WHAT TO WORK ON: Here, the job is to give back every entry below unchanged, omitting pictures.

RECORDS TO USE:

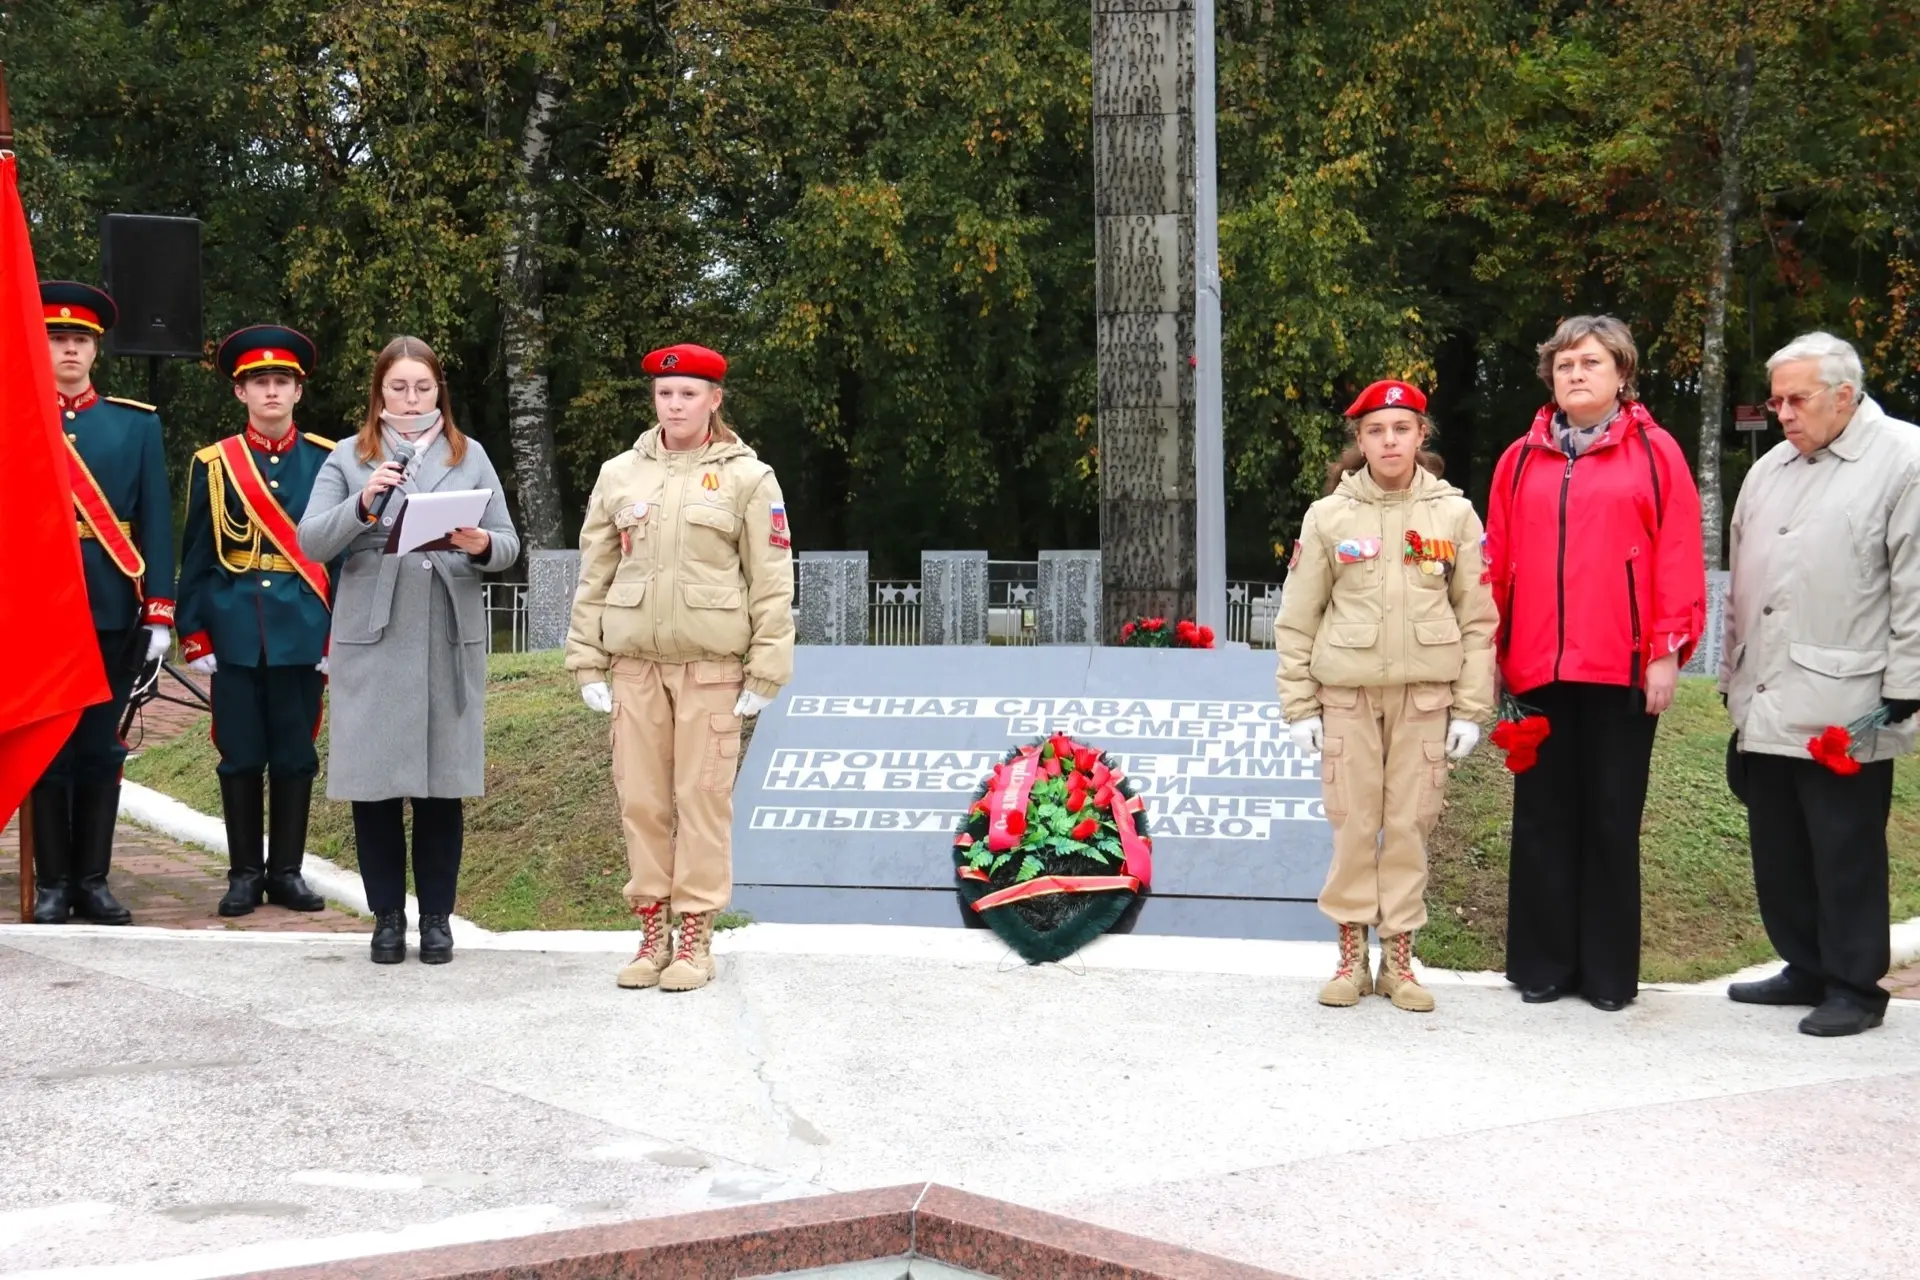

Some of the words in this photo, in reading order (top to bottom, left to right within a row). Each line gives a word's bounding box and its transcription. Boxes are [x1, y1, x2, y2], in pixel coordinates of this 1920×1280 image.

[790, 698, 977, 716] ВЕЧНАЯ
[994, 699, 1153, 718] СЛАВА
[1170, 701, 1282, 721] ГЕРО
[1010, 717, 1291, 740] БЕССМЕРТН
[1196, 740, 1311, 759] ГИМ
[766, 770, 866, 790] НАД
[752, 808, 964, 830] ПЛЫВУТ
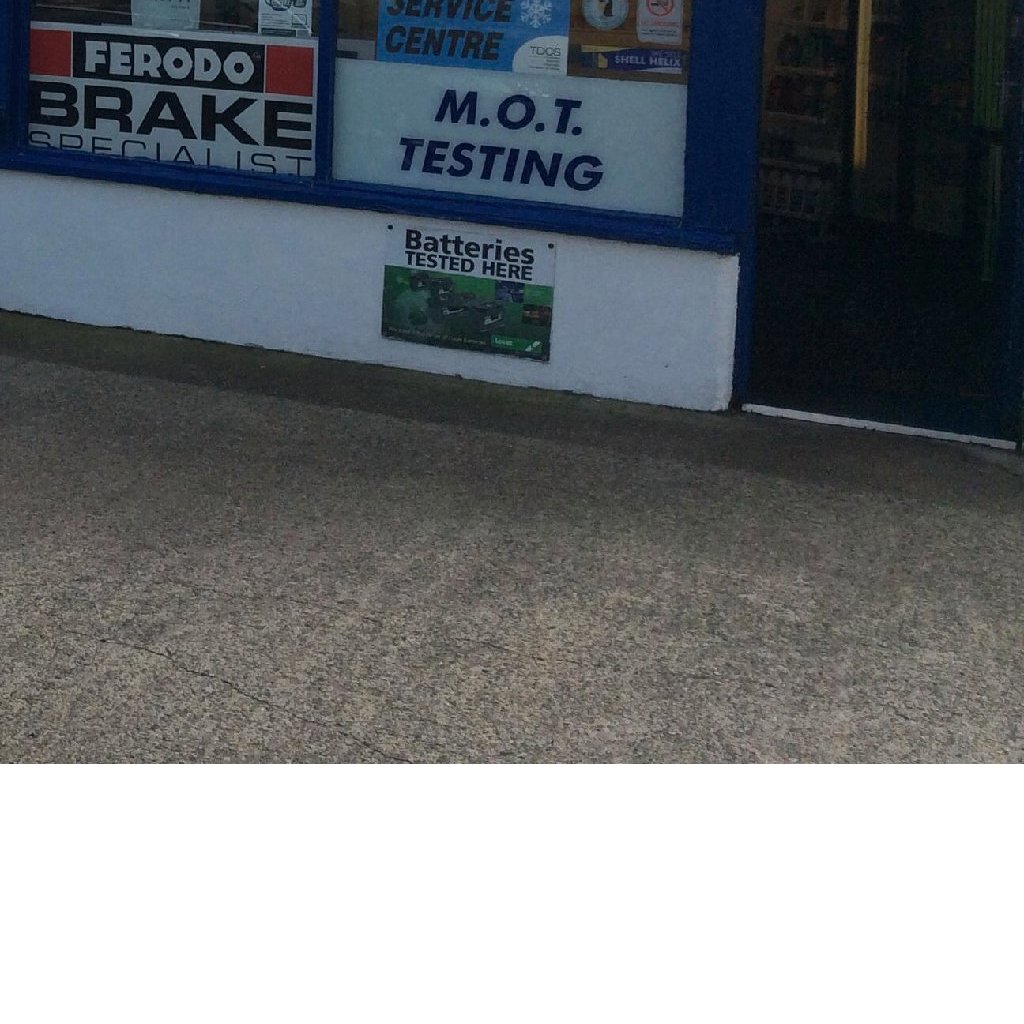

YOUR SOLUTION:
Some of the words in this photo, in reading order (top to bottom, left to right within a row). Each line gives a word's bounding box and its transcription. Boxes are [x1, y1, x2, y2], in pixel coordinates of this 1920×1280 image.

[790, 698, 977, 716] ВЕЧНАЯ
[994, 699, 1153, 718] СЛАВА
[1170, 701, 1282, 721] ГЕРО
[1010, 717, 1291, 740] БЕССМЕРТН
[1196, 740, 1311, 759] ГИМ
[766, 770, 866, 790] НАД
[752, 808, 964, 830] ПЛЫВУТ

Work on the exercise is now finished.